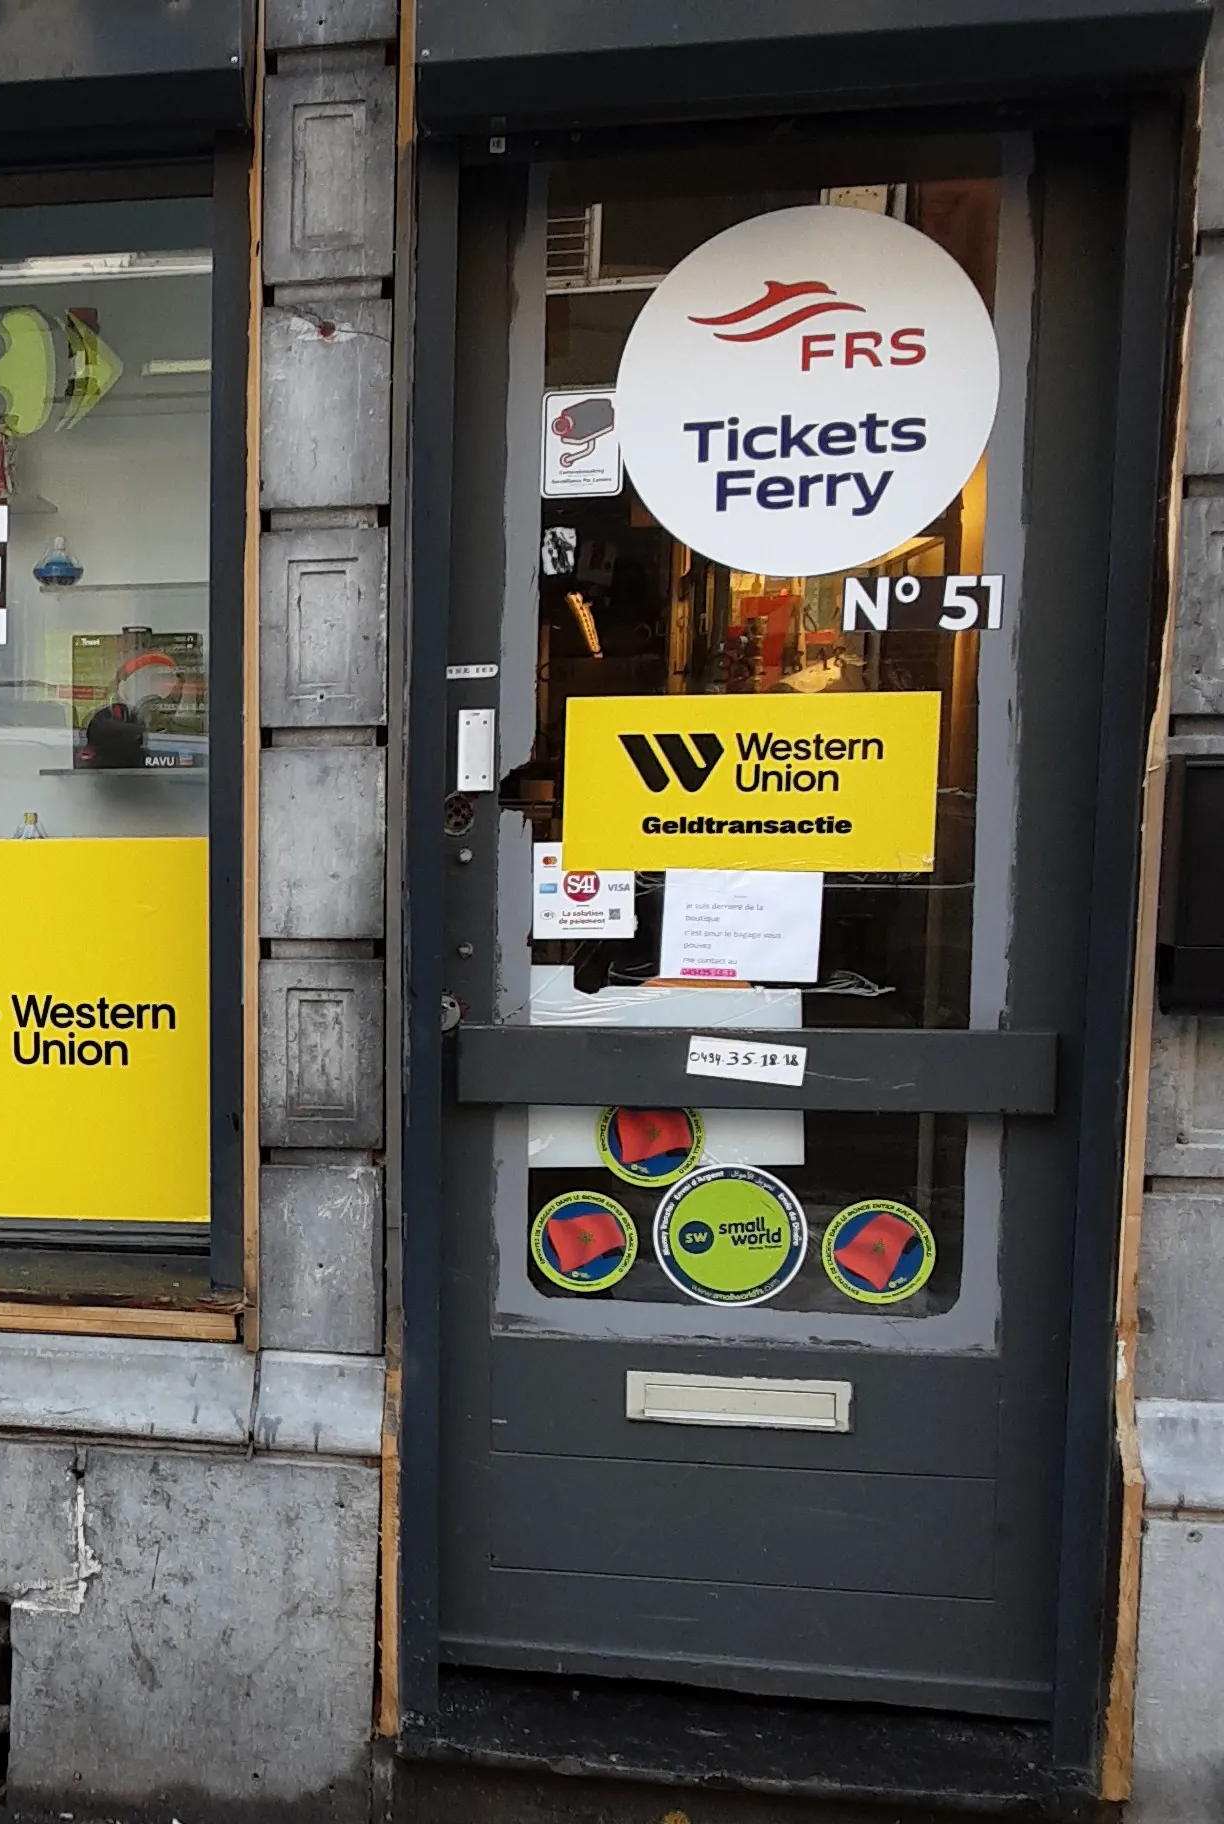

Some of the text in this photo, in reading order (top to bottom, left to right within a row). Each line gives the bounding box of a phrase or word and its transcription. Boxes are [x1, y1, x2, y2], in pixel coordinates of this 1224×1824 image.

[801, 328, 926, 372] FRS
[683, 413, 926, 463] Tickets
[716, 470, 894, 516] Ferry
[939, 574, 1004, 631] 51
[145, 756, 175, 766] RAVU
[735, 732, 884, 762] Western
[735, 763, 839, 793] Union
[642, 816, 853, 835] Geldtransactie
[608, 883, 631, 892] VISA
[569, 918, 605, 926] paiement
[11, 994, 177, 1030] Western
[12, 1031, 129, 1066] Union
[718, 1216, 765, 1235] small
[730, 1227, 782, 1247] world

============

TASK TO COMPLETE: Where an entry contains an image, skip the image; repeat everything else exactly.

THE COMPLETED TASK:
Some of the text in this photo, in reading order (top to bottom, left to right within a row). Each line gives the bounding box of a phrase or word and its transcription. Boxes are [x1, y1, x2, y2], in pixel coordinates of this 1224×1824 image.

[801, 328, 926, 372] FRS
[683, 413, 926, 463] Tickets
[716, 470, 894, 516] Ferry
[939, 574, 1004, 631] 51
[145, 756, 175, 766] RAVU
[735, 732, 884, 762] Western
[735, 763, 839, 793] Union
[642, 816, 853, 835] Geldtransactie
[608, 883, 631, 892] VISA
[569, 918, 605, 926] paiement
[11, 994, 177, 1030] Western
[12, 1031, 129, 1066] Union
[718, 1216, 765, 1235] small
[730, 1227, 782, 1247] world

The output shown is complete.